─── Data listing ───
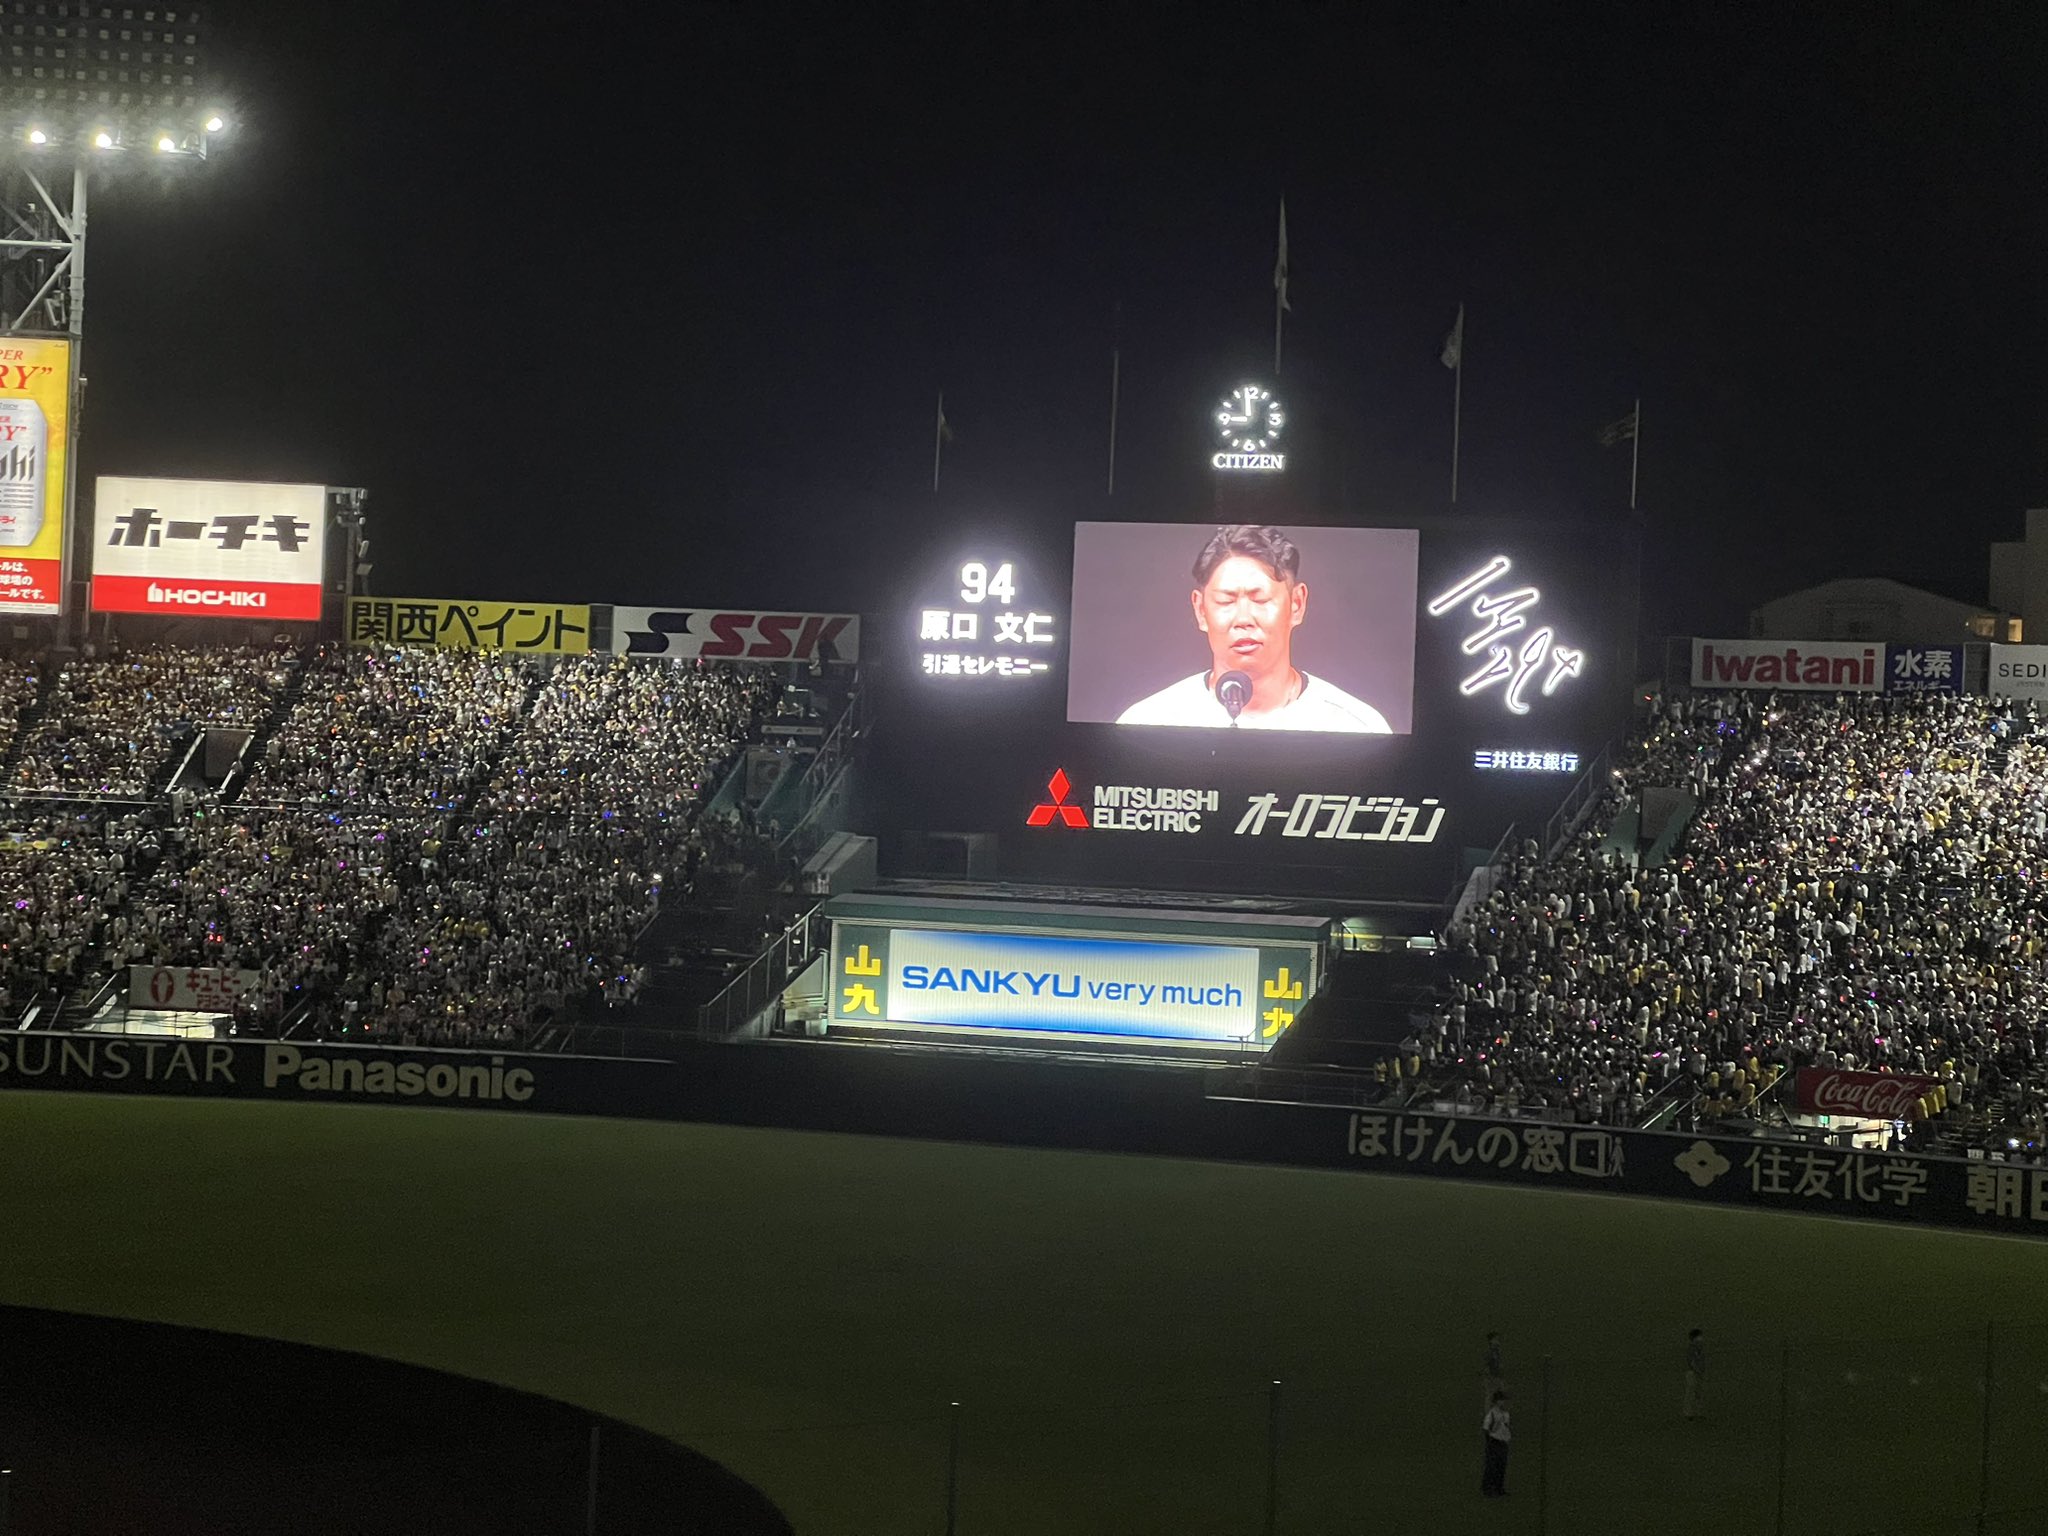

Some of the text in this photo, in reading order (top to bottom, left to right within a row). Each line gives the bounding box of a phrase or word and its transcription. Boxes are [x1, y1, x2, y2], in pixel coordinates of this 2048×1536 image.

[1219, 413, 1231, 425] 9
[1269, 414, 1281, 426] 3
[1212, 453, 1285, 469] CITIZEN
[1243, 440, 1256, 451] 6
[107, 507, 310, 553] ホーチキ
[165, 588, 266, 607] HOCHIKI
[960, 562, 1016, 604] 94
[351, 601, 586, 650] 関西ペイント
[701, 613, 854, 660] SSK
[920, 610, 1054, 643] 原口 文仁
[1702, 645, 1875, 685] Iwatani
[1894, 649, 1953, 679] 水素
[1474, 751, 1579, 771] 三井住友銀行
[1094, 785, 1219, 812] MITSUBISHI
[1093, 807, 1201, 834] ELECTRIC
[186, 969, 241, 993] キューピー
[843, 945, 881, 1015] 山九
[902, 966, 1242, 1007] SANKYU very much
[264, 1046, 535, 1101] Panasonic
[1744, 1146, 1928, 1206] 住友化学
───
§ **What you are asked to do**
Quote the data above in full, leaving out the pictures it holds.

§ **Exercise response**
Some of the text in this photo, in reading order (top to bottom, left to right within a row). Each line gives the bounding box of a phrase or word and its transcription. Boxes are [x1, y1, x2, y2], in pixel coordinates of this 2048×1536 image.

[1219, 413, 1231, 425] 9
[1269, 414, 1281, 426] 3
[1212, 453, 1285, 469] CITIZEN
[1243, 440, 1256, 451] 6
[107, 507, 310, 553] ホーチキ
[165, 588, 266, 607] HOCHIKI
[960, 562, 1016, 604] 94
[351, 601, 586, 650] 関西ペイント
[701, 613, 854, 660] SSK
[920, 610, 1054, 643] 原口 文仁
[1702, 645, 1875, 685] Iwatani
[1894, 649, 1953, 679] 水素
[1474, 751, 1579, 771] 三井住友銀行
[1094, 785, 1219, 812] MITSUBISHI
[1093, 807, 1201, 834] ELECTRIC
[186, 969, 241, 993] キューピー
[843, 945, 881, 1015] 山九
[902, 966, 1242, 1007] SANKYU very much
[264, 1046, 535, 1101] Panasonic
[1744, 1146, 1928, 1206] 住友化学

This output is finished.